=== YOUR ASSIGNMENT ===
Determine which lines of the records include the word "Books", and copy them.

(DATASET EXCERPTS)

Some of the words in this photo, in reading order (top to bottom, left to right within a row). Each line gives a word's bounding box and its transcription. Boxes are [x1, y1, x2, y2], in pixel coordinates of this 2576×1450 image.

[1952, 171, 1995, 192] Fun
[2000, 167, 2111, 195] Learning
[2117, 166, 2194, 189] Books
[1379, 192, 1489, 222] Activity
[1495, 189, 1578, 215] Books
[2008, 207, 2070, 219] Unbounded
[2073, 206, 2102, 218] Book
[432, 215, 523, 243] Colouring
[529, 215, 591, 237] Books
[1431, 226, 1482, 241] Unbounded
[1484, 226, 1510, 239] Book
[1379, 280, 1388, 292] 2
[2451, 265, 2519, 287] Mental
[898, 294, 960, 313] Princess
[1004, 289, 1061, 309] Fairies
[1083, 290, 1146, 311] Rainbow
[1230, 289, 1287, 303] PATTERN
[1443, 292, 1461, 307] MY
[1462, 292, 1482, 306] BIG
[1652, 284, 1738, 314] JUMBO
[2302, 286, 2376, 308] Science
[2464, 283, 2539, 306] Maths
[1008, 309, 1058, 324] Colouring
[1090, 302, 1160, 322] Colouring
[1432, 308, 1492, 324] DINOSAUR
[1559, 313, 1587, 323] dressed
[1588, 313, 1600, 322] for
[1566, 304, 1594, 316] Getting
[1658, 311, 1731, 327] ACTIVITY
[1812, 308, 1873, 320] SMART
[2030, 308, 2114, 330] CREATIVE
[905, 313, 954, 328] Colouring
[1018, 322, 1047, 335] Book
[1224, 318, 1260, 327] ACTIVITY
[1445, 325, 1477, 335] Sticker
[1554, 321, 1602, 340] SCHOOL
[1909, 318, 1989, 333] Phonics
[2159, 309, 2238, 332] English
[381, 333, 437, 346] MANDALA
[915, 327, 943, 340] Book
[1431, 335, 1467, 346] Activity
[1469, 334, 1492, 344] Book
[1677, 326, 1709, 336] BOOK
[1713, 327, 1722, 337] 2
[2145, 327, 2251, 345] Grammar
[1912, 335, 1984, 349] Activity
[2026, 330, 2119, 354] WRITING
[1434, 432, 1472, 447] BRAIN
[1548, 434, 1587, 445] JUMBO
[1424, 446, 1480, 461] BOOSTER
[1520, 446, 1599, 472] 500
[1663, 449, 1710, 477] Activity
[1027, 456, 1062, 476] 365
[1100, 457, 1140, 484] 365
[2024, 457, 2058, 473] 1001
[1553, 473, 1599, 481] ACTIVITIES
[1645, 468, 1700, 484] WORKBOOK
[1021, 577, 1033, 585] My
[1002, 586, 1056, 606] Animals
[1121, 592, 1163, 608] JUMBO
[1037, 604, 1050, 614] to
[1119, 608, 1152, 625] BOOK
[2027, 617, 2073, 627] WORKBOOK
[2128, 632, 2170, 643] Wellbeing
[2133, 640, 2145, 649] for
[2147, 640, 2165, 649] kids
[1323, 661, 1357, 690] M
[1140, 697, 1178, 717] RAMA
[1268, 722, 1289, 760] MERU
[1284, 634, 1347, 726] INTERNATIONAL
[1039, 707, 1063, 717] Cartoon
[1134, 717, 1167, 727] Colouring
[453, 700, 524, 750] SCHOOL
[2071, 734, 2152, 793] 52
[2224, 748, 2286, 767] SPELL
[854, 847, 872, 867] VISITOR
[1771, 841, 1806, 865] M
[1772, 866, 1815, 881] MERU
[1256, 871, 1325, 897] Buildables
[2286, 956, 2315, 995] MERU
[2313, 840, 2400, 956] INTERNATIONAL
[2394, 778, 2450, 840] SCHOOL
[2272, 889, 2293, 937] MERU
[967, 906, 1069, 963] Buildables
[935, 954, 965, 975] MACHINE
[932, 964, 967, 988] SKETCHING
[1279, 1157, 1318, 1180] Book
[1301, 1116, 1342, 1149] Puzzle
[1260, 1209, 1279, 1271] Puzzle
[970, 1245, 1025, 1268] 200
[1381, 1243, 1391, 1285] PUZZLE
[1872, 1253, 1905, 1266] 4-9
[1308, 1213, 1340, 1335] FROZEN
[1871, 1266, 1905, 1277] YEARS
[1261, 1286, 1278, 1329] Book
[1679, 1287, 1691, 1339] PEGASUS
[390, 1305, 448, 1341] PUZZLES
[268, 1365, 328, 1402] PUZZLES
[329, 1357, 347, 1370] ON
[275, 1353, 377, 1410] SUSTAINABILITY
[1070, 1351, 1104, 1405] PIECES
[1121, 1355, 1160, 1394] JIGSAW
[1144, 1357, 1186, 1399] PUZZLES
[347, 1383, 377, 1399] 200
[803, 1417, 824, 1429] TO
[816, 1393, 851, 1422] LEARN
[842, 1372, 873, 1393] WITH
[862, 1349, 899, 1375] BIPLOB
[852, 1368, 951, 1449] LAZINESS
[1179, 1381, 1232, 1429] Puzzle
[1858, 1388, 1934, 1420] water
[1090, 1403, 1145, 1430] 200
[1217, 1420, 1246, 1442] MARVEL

(End DATASET EXCERPTS)

=== EXERCISE ANSWER ===
[2117, 166, 2194, 189] Books
[1495, 189, 1578, 215] Books
[529, 215, 591, 237] Books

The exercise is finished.